An in vitro colony formation assay was used to determine the efficacy of in vitro
therapy with
1,3-bis(2-chloroethyl)-1-nitrosourea (
BCNU) on a rat
brain tumor. The fraction of clonogenic cells surviving in vivo
therapy was determined by a comparison between the in vitro colony-forming capacity of cells derived from previously treated and untreated
tumors. With this intracerebral solid
tumor a direct correlation was found between the surviving fraction of cells and animal survival, implying that the in vitro assay system is a reliable test of
therapeutic effect. The
BCNU dose-response curve was exponential up to a dose of 0.75 times the LD10 dose with little additional cell kill noted at higher
drug levels.
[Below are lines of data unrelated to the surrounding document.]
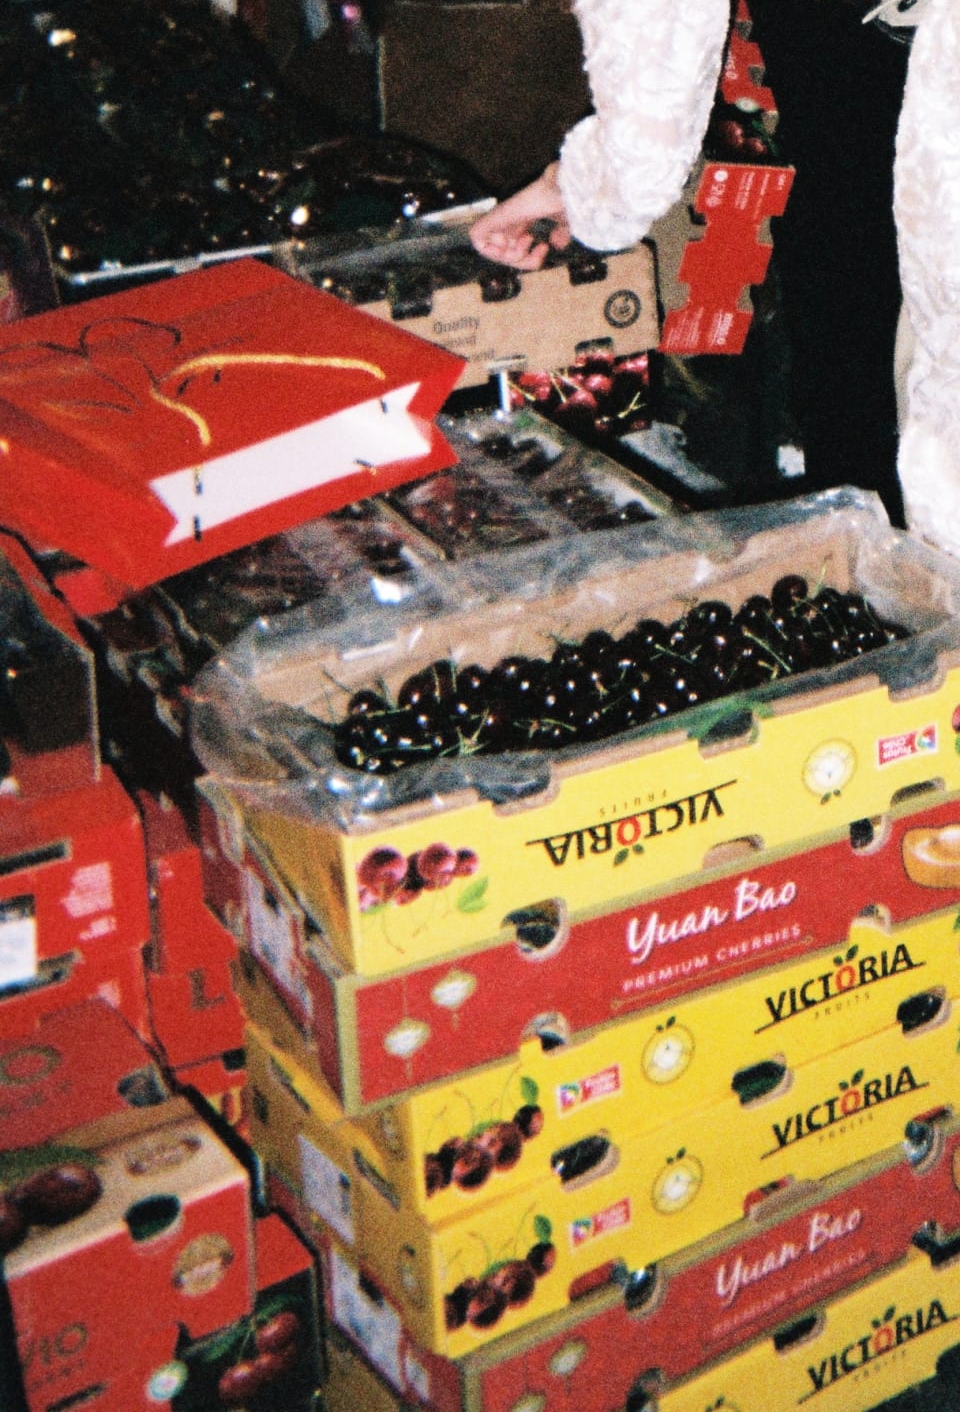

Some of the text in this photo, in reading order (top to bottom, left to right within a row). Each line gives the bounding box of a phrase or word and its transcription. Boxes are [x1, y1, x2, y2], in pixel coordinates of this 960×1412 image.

[542, 787, 725, 867] VICTORIA
[598, 788, 669, 818] FRUITS
[621, 923, 801, 992] PREMIUM CHERRIES
[626, 878, 796, 965] Yuan Bao
[764, 943, 915, 1023] VICTORIA
[813, 990, 871, 1020] FRUITS
[772, 1065, 919, 1148] VICTORIA
[715, 1207, 862, 1310] Yuan Bao
[807, 1299, 949, 1390] VICTORIA
This plateau does not appear to represent a resistant subpopulation of cells, since
retreatment of
tumors derived from cells surviving an LD10 dose were as sensitive to
BCNU as those with no prior
drug exposure. Instead, it may represent, at least in part, failure of the
drug to reach and/or enter cells in all parts of solid
tumors. On the average
BCNU doses of 0.75 times the LD10 dose or greater resulted in slightly more than a 3-log cell kill and doubled the life-span for our
tumor-bearing animals. The finding that an increase in animal life-span requires at least a 1-log
tumor cell kill indicates that survival studies with intracranial
tumor models may be insensitive to single courses of many chemotherapeutic agents with modest but significant antitumor activity.